It is important to assess for subtle changes in the skin. You can gather a lot of valuable information about what is going on with a patient by doing a basic assessment of their skin.
What is the patient's color? Is their skin one uniform color, or is one area different?
Palpation allows you to assess for temperature. It is recommended that you use the back of your hand. Again, you are looking to see if the temperature is uniform. If one area of the body is cooler than the other, what would you be concerned about? What about if one area is warmer?
In the ED we often assess for the presence of cellulitis. In patients with cellulitis, the affected area is erythematous and is noted to be warmer than the rest of the body.
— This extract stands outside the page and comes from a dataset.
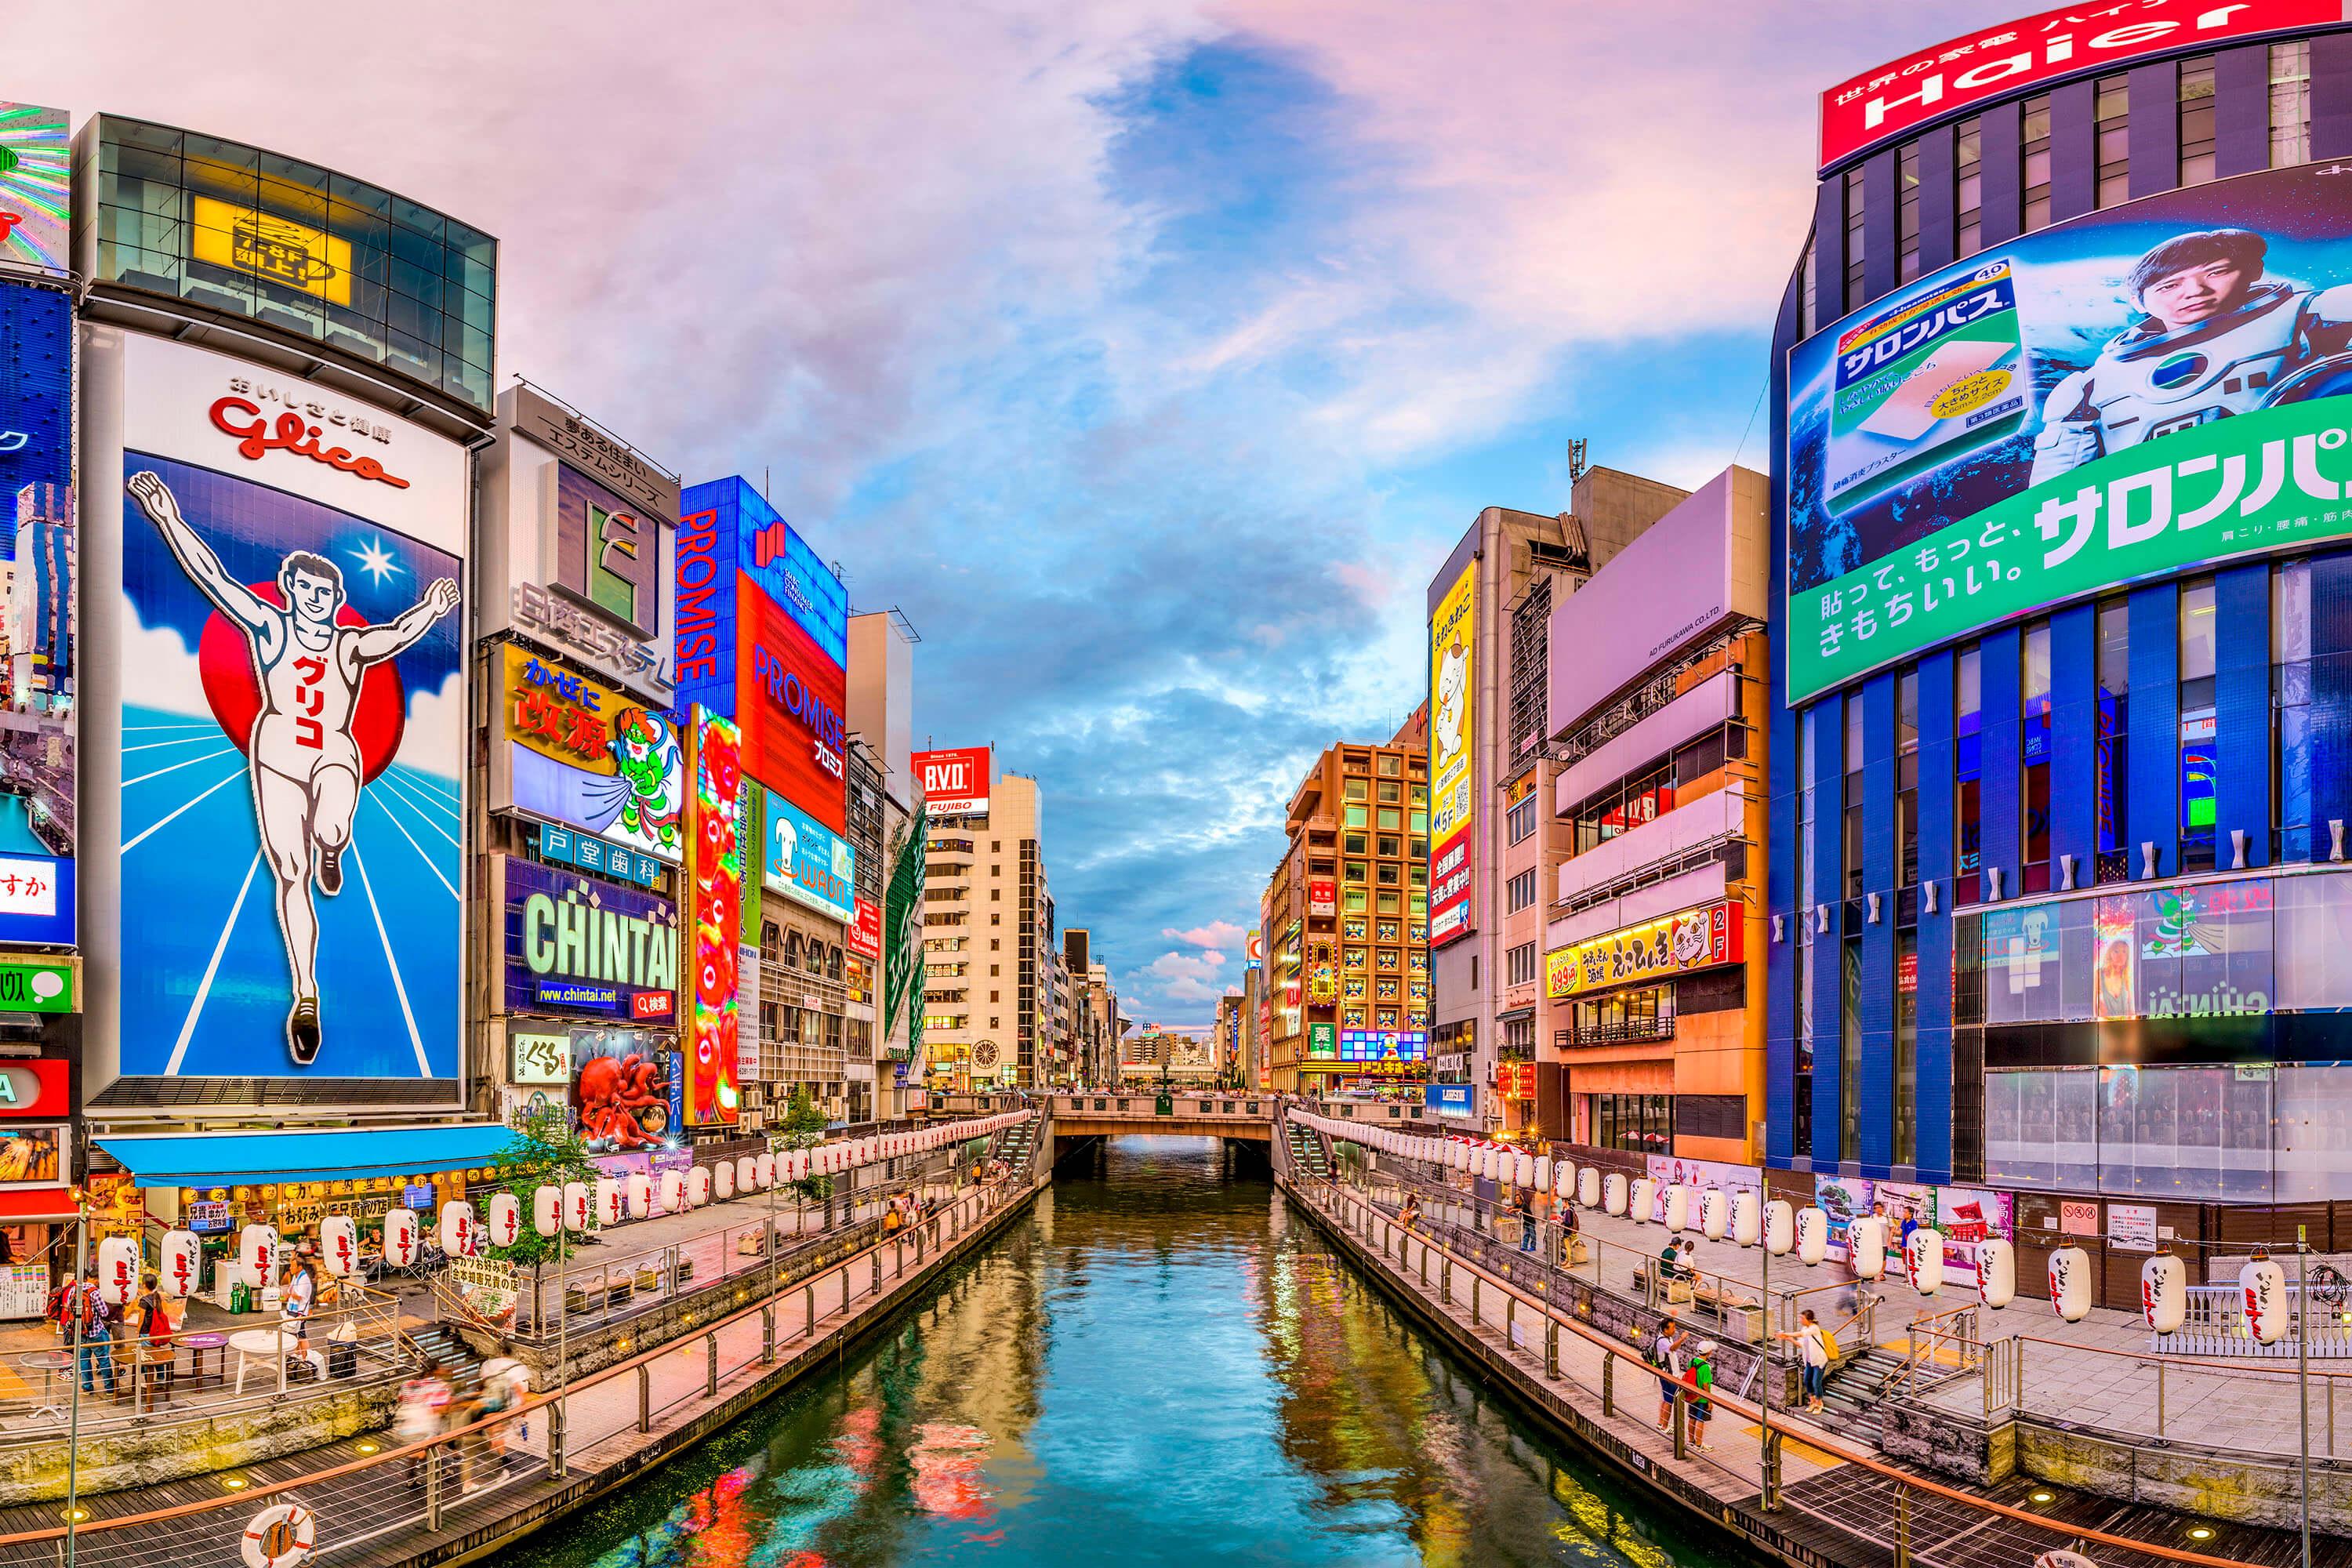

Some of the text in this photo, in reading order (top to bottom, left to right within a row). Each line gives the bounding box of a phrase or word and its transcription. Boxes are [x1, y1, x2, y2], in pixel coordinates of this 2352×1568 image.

Assessing moisture may help indicate a patient's hydration status. Texture of skin can vary with age, ethnicity, or may be affected by the presence of certain underlying conditions.
Skin Turgor is also an important component of palpation. Does anyone know what turgor is used to check for? (elasticity and hydration). To check turgor, you pinch a fold of the skin, often using the patient's forearm. When you let go, the skin should quickly return to it's original form- within 3 seconds. Poor turgor indicates a delay in the time the skin takes to recoil, so longer than 3 seconds. Tenting refers to the appearance of skin with poor turgor. So imagine if you pinch the skin and it does not return to it's original form, it sort of looks like a tent. This is seen more often in elderly patients because their skin has lost its elasticity. And is also seen in severely dehydrated patients.